Le bruit du magnétophone qu’on coupait.

« Repassez-la », dit March.

Elle rembobina la bande magnétique, l’arrêta, poussa sur PLAY. March regarda ailleurs, observant l’eau couleur de rouille qui disparaissait par le trou d’écoulement ; la voix de Luther se confondait avec le son grêle d’une clarinette solo. « Jeune et jolie en bleu… » Lorsqu’ils eurent écouté une deuxième fois, Charlie se pencha et coupa l’appareil.

« Dès qu’il a raccroché je suis remontée ici pour ranger la bande.

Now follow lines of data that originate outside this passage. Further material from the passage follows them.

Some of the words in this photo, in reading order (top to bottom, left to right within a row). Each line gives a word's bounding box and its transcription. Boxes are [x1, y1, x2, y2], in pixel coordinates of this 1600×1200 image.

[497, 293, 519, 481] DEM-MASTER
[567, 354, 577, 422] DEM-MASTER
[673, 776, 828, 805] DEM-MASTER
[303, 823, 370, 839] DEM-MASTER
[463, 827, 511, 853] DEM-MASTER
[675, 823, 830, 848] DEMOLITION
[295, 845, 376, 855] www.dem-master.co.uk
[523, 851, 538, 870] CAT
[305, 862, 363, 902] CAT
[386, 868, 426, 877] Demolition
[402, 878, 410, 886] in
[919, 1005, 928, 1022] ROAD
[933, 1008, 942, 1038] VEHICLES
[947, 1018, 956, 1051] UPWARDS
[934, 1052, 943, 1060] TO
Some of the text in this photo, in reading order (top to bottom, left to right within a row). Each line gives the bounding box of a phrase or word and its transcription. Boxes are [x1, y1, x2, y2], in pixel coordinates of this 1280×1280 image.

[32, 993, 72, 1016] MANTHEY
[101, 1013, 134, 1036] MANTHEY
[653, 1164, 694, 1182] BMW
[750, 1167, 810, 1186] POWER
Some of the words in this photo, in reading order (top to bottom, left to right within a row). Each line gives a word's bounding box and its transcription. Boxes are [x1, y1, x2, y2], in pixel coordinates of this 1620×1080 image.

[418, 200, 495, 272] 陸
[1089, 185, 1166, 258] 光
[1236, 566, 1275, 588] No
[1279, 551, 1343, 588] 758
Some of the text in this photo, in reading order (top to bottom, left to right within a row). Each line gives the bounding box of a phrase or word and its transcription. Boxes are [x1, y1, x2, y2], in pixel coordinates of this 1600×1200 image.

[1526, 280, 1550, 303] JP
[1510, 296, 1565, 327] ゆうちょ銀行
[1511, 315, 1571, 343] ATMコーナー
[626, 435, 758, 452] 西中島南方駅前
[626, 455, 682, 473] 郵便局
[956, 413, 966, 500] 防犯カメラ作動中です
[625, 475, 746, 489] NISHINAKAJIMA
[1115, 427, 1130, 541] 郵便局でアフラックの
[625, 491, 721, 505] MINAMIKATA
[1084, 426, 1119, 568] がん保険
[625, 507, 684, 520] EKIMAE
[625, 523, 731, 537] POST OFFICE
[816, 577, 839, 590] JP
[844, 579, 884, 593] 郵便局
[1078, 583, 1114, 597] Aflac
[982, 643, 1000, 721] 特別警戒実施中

Puis je suis retournée à la cabine et j’ai essayé de te joindre. Personne. Alors j’ai appelé Henry. Quoi d’autre ? Tu as entendu : il veut quelqu’un de l’ambassade.

— Elle m’a sorti du lit, » compléta Nightingale.

Il bâilla, s’étira, dévoilant un bout de jambe pâle et glabre.

« Ce que je ne comprends pas, c’est pourquoi il n’a pas simplement laissé Charlie passer le prendre pour le déposer dès ce soir à l’ambassade.

— Vous avez entendu, dit March. Ce soir, c’est trop tôt. Il n’ose pas se montrer. Il doit attendre jusqu’au matin : à ce moment, l’avis de recherche de la Gestapo sera sans doute annulé. »

Charlie se renfrogna.

« Je n’y suis plus…

— La raison pour laquelle tu n’as pas pu m’atteindre, il y a deux heures, c’est que j’étais à la gare de triage de Gotenland, où la Gestapo ne se tenait plus de joie d’avoir enfin mis la main sur le corps de Luther.

— Ce n’est pas possible.

— Non ? En effet. »

March se pinça la racine du nez et secoua la tête. Pas facile de garder l’esprit clair.

« D’après moi, Luther se cache dans l’aire de triage depuis quatre jours — en fait depuis qu’il est rentré de Suisse — ; il s’est creusé les méninges pour trouver un moyen de nouer le contact.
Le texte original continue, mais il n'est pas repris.